Phase 8. Validation of data quality. Verification of univariate results by ranges. Identification of inadequate categories. Time: 2 months.

Phase 9. Data analysis. Including: a) statistical analysis: descriptive, bivariate and multivariate; b) analysis of interviews: structured questionnaires; and, c) interpretation of the results. Time: 5 months.

Phase 10. Scientific diffusion of the results: this will include the writing, translation and publication of the results obtained. Time: One year.

Data confidentiality

Confidentiality was respected at all times according to Spanish law (LO del 15/1999 de 13 de diciembre, de Protección de Datos de Carácter Personal, LOPD).

Discussion

We expect the greatest limitations of the study to be related to the degree of development of maturity of information systems, the accuracy of conversion of ICPC-2 to ICD-9-MC, the accuracy of the measurement of costs and the efficiency or possible variability and/or severity in the selection of the care episode by physicians, which might lead to contamination between groups or a lack of clinical specificity. However, these unknown factors may be minimized by the large study population we intend to recruit (regression to the mean). It is expected that the results will have significant practical applications. The practical characteristics of ACG mean they could become one of the most-important risk-adjustment intruments in Spain in the future with respect to the financing of health centres. It is also expected that the study will have significant applications in clinical practise.

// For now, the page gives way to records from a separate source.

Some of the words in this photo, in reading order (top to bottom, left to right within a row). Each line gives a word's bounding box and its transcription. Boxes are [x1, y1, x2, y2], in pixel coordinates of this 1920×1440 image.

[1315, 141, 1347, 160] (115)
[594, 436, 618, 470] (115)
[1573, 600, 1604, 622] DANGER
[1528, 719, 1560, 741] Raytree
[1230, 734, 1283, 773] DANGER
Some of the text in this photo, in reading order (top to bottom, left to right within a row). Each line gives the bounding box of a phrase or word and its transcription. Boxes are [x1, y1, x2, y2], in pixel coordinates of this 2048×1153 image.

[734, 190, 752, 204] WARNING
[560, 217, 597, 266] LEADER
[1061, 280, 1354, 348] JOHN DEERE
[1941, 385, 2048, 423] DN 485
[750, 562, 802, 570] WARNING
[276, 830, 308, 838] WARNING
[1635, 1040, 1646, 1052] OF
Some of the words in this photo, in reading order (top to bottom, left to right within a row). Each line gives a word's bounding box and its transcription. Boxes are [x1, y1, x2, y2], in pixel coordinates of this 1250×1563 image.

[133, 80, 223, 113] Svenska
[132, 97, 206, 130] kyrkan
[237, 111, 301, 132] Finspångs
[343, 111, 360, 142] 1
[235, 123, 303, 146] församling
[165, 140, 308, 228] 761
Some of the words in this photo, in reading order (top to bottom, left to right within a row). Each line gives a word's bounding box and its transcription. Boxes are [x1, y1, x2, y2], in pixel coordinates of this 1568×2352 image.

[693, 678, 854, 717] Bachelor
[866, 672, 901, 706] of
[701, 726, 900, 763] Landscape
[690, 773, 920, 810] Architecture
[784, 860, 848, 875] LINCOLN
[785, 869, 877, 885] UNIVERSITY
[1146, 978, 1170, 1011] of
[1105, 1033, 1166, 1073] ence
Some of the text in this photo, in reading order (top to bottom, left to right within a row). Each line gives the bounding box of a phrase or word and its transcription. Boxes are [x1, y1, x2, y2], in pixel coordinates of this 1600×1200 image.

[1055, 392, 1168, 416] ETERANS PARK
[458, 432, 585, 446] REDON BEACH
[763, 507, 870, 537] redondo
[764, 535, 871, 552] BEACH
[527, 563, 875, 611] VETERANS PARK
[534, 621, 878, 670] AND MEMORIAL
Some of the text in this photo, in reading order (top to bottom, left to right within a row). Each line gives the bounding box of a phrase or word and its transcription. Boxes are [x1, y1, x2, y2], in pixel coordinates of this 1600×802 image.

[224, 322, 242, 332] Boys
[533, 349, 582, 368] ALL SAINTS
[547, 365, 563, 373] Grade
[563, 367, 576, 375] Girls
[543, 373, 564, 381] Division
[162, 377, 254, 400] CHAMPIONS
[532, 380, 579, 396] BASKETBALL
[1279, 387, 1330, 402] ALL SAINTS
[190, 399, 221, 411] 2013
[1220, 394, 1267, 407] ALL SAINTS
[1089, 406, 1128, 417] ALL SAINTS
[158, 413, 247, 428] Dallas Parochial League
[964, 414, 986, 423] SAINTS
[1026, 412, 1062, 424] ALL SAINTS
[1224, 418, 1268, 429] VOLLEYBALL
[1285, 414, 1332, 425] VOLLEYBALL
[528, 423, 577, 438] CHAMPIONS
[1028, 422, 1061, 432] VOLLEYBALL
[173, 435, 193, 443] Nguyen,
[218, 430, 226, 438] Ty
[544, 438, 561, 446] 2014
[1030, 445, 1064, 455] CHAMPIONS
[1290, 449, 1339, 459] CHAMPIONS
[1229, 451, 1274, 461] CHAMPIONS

Firstly, a PCS is used and EI obtained in the visits and the use of diagnostic tests, referrals and pharmaceutical prescriptions provides a professional profile. Secondly, knowledge of these EI and their relationship with health outcomes (SI, effectiveness) is important, not only for clinical management, but also to allow health professionals to learn how well they are working. It is hoped that the study may permit changes in organisational models with respect to the optimization of resources (healthy children, follow-up of chronic diseases, etc.) and improvements in obtaining information (real time, creation of a corporative web of the results) and a follow-up of the health outcomes for physicians. Continuous improvement in these aspects may result in improvements in overall quality, with repurcussions in the control of patients. In addition, according to the results observed, it is hoped that these indicators may gradually be included in contracts for health professionals including incentive programmes. The results will be shared with participating centres by means of clinical sessions and meetings with management.